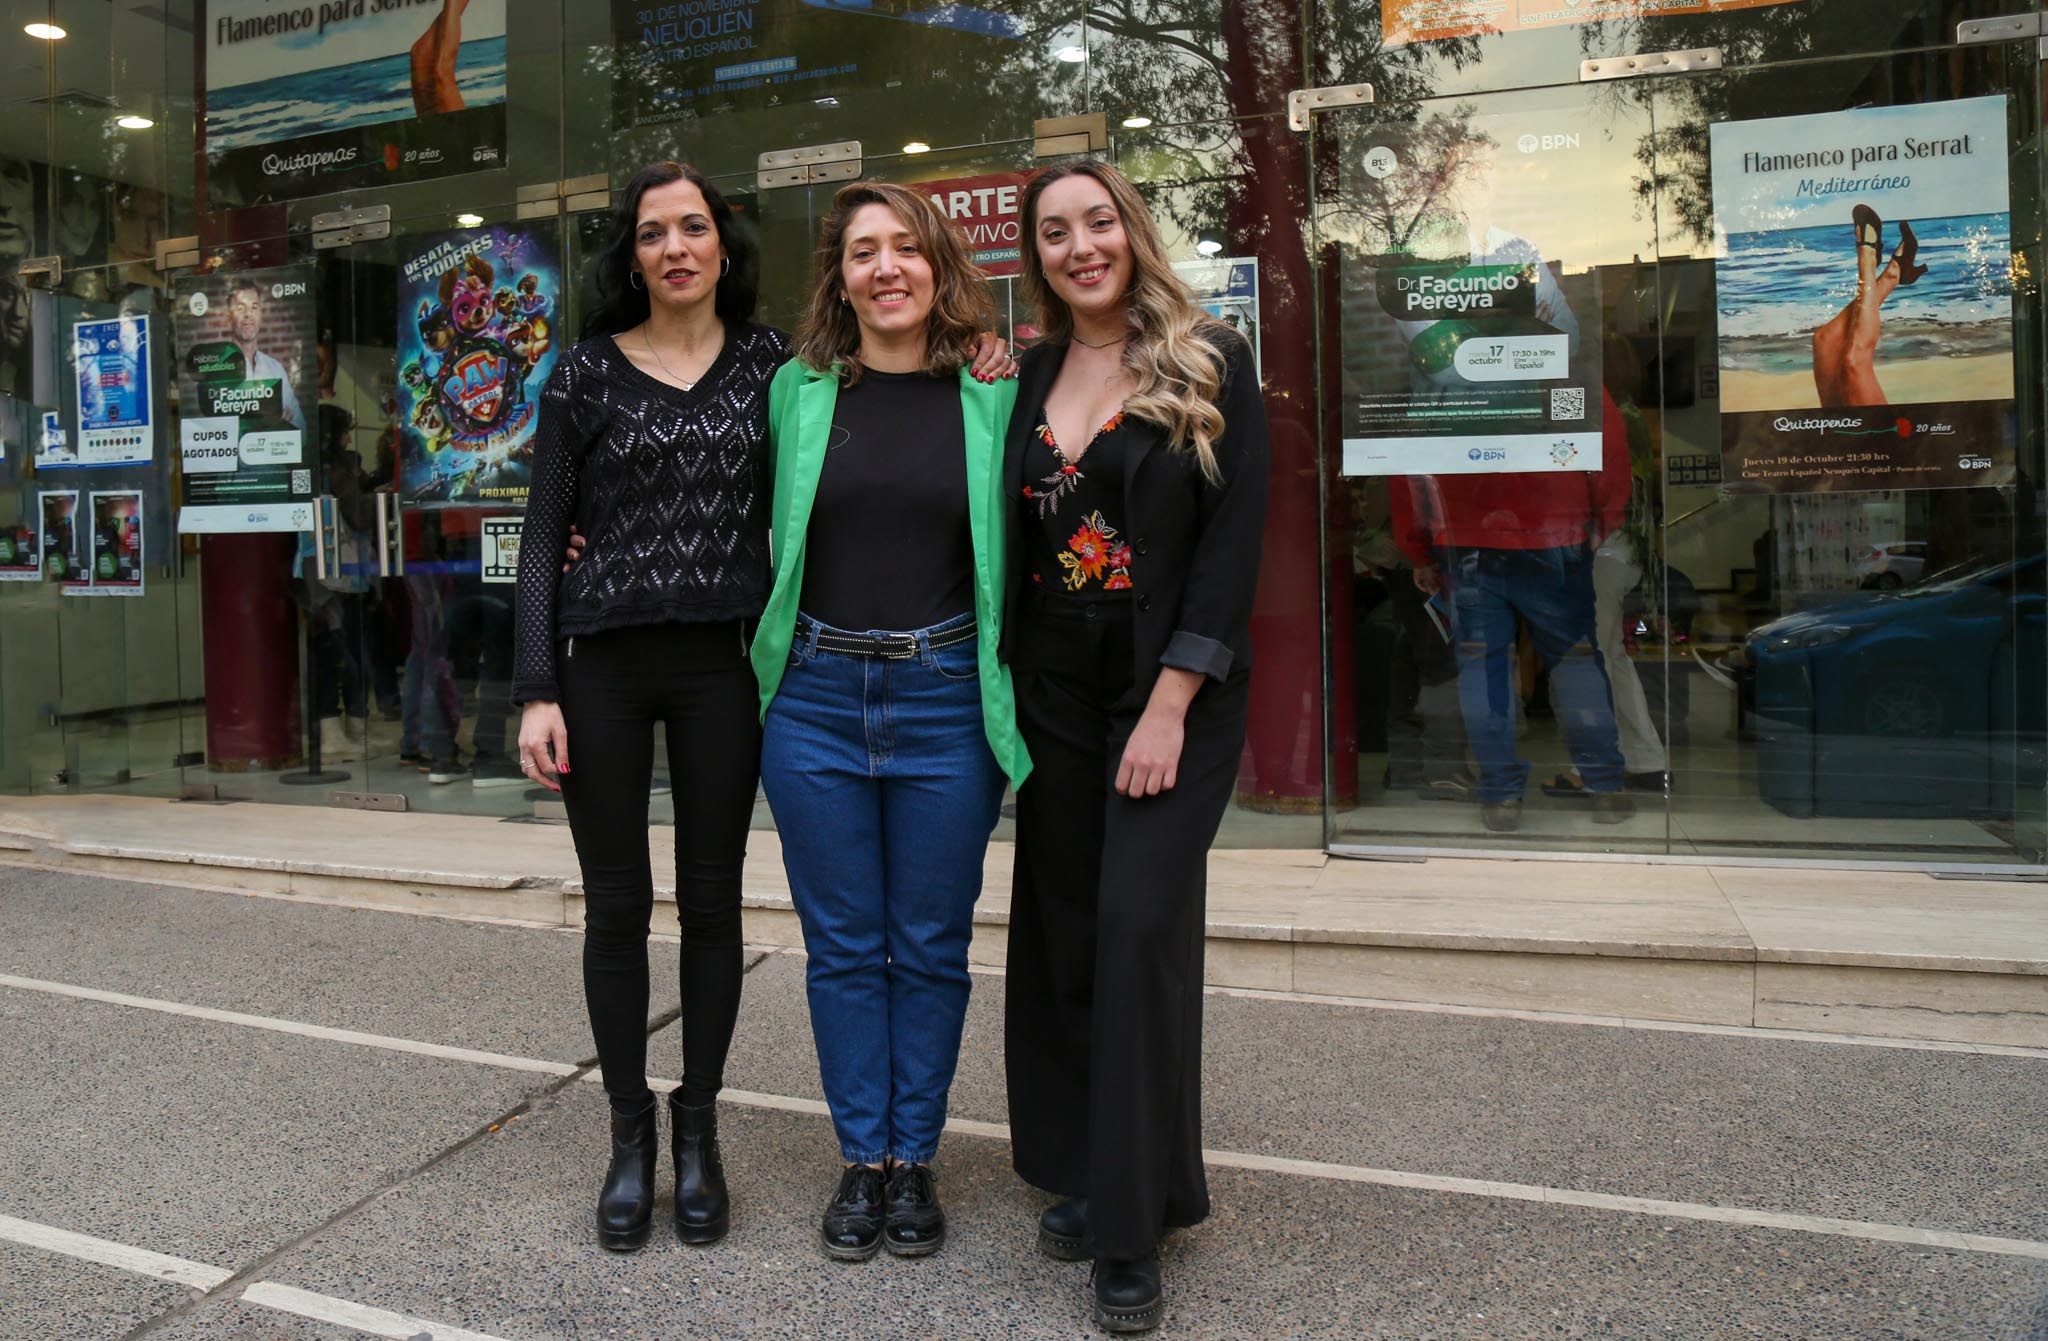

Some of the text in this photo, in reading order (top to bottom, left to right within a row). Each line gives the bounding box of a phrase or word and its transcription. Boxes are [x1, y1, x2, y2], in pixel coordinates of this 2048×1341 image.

[658, 6, 677, 20] DE
[680, 0, 760, 17] NOVIEM
[217, 8, 313, 45] Flamenco
[318, 0, 364, 34] para
[643, 8, 752, 46] NEUQUÉN
[694, 36, 758, 58] ESPAÑOL
[1542, 133, 1580, 150] BPN
[262, 147, 498, 176] Quitapenas 20 años BPN
[1743, 134, 1973, 173] Flamenco para Serrat
[1796, 174, 1911, 197] Mediterráneo
[963, 221, 1019, 244] VIVO
[404, 241, 453, 275] DESATA
[422, 233, 494, 283] PODERES
[976, 250, 1020, 262] TRO ESPAÑO
[284, 282, 306, 296] BPN
[1398, 272, 1519, 293] Dr. Facundo
[1407, 292, 1493, 312] Pereyra
[1490, 345, 1504, 357] 17
[1512, 350, 1532, 358] 17:30
[1469, 357, 1502, 365] octubre
[1514, 361, 1544, 370] Español
[444, 356, 508, 406] PAW
[220, 385, 274, 400] Facundo
[213, 399, 260, 414] Pereyra
[1773, 416, 1952, 435] Quitapenas 20 años
[193, 431, 228, 441] CUPOS
[183, 447, 239, 459] AGOTADOS
[1484, 450, 1505, 461] BPN
[1742, 457, 1775, 468] Jueves
[1777, 456, 1787, 464] 19
[1790, 455, 1802, 464] de
[1804, 454, 1844, 463] Octubre
[1873, 452, 1890, 460] hrs
[1742, 470, 1760, 478] Cine
[1763, 469, 1789, 477] Teatro
[1790, 468, 1821, 478] Español
[1861, 465, 1891, 475] Capital
[1972, 460, 1992, 469] BPN

######

WORK REQUIRED>
Give back the listing exactly, without a single picture.

WORKED SOLUTION>
Some of the text in this photo, in reading order (top to bottom, left to right within a row). Each line gives the bounding box of a phrase or word and its transcription. Boxes are [x1, y1, x2, y2], in pixel coordinates of this 2048×1341 image.

[658, 6, 677, 20] DE
[680, 0, 760, 17] NOVIEM
[217, 8, 313, 45] Flamenco
[318, 0, 364, 34] para
[643, 8, 752, 46] NEUQUÉN
[694, 36, 758, 58] ESPAÑOL
[1542, 133, 1580, 150] BPN
[262, 147, 498, 176] Quitapenas 20 años BPN
[1743, 134, 1973, 173] Flamenco para Serrat
[1796, 174, 1911, 197] Mediterráneo
[963, 221, 1019, 244] VIVO
[404, 241, 453, 275] DESATA
[422, 233, 494, 283] PODERES
[976, 250, 1020, 262] TRO ESPAÑO
[284, 282, 306, 296] BPN
[1398, 272, 1519, 293] Dr. Facundo
[1407, 292, 1493, 312] Pereyra
[1490, 345, 1504, 357] 17
[1512, 350, 1532, 358] 17:30
[1469, 357, 1502, 365] octubre
[1514, 361, 1544, 370] Español
[444, 356, 508, 406] PAW
[220, 385, 274, 400] Facundo
[213, 399, 260, 414] Pereyra
[1773, 416, 1952, 435] Quitapenas 20 años
[193, 431, 228, 441] CUPOS
[183, 447, 239, 459] AGOTADOS
[1484, 450, 1505, 461] BPN
[1742, 457, 1775, 468] Jueves
[1777, 456, 1787, 464] 19
[1790, 455, 1802, 464] de
[1804, 454, 1844, 463] Octubre
[1873, 452, 1890, 460] hrs
[1742, 470, 1760, 478] Cine
[1763, 469, 1789, 477] Teatro
[1790, 468, 1821, 478] Español
[1861, 465, 1891, 475] Capital
[1972, 460, 1992, 469] BPN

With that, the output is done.